Hon Khoai squirrel
- Conservation status: Critically Endangered (IUCN 3.1)

Scientific classification
- Kingdom: Animalia
- Phylum: Chordata
- Class: Mammalia
- Infraclass: Placentalia
- Order: Rodentia
- Family: Sciuridae
- Genus: Callosciurus
- Species: C. honkhoaiensis
- Binomial name: Callosciurus honkhoaiensis Nguyen et al., 2018

= Hon Khoai squirrel =

- Authority: Nguyen et al., 2018
- Conservation status: CR

Species of beautiful squirrels from Vietnam

The Hon Khoai squirrel (Callosciurus honkhoaiensis) is a species of squirrel in the family Sciuridae endemic to the small island group of Hon Khoai, which is located off the Indochinese Peninsula off the coast of south Vietnam. It can be physically differentiated from other species of Callosciurus by the hairs at the tip of the tail being white with a black base, as well as the cream-colored ventral side and feet.

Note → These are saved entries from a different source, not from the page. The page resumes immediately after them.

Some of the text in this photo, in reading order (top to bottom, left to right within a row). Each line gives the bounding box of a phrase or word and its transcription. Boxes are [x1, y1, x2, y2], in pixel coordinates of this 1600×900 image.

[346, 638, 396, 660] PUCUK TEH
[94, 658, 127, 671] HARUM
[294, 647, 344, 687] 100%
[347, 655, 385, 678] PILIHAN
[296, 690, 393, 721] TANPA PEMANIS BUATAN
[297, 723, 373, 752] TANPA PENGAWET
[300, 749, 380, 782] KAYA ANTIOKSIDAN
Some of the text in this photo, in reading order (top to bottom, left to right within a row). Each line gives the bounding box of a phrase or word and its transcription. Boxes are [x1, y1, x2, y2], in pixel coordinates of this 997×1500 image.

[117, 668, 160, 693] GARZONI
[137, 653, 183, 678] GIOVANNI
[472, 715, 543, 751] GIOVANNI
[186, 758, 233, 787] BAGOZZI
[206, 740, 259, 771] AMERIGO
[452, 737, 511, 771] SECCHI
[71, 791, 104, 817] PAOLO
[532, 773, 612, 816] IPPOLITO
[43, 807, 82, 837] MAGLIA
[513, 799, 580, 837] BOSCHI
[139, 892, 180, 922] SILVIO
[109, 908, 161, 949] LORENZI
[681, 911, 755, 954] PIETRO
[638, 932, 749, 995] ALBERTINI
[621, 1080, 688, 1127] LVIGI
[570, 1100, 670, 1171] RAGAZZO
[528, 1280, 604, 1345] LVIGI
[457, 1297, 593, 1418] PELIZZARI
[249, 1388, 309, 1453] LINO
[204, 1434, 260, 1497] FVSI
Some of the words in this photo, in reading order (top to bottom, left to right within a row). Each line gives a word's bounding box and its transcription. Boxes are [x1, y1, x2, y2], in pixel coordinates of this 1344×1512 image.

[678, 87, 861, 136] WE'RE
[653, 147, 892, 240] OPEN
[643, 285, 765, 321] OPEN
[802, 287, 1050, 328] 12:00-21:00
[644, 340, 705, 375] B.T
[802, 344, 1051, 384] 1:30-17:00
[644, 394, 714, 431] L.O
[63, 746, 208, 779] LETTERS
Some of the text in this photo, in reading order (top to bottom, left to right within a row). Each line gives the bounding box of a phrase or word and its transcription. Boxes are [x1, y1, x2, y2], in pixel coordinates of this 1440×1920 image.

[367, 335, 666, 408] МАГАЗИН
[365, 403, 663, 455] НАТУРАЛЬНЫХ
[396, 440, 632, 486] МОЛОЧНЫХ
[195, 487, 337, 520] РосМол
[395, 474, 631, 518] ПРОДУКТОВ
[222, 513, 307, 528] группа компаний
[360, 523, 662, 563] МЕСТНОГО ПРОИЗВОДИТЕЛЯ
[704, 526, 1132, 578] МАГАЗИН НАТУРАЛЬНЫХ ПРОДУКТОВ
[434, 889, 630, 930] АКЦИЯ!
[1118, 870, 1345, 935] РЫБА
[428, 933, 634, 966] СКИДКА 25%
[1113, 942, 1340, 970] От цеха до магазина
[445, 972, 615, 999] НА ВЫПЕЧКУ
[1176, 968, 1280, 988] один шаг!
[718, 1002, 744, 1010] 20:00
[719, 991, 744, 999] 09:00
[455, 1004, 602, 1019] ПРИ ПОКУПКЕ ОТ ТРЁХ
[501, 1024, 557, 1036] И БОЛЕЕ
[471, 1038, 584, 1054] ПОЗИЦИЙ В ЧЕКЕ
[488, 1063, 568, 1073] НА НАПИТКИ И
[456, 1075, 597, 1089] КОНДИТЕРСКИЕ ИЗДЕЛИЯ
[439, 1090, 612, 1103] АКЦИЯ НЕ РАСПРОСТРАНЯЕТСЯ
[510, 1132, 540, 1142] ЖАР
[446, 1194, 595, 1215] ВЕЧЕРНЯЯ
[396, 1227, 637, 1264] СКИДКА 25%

This species was likely separated from the mainland by the repeated glaciations and interglaciations during the Pleistocene. Its closest relative is the gray-bellied squirrel (Callosciurus caniceps), which it diverged from as early as the Pliocene. In an example of insular dwarfism, it is much smaller than its mainland relative.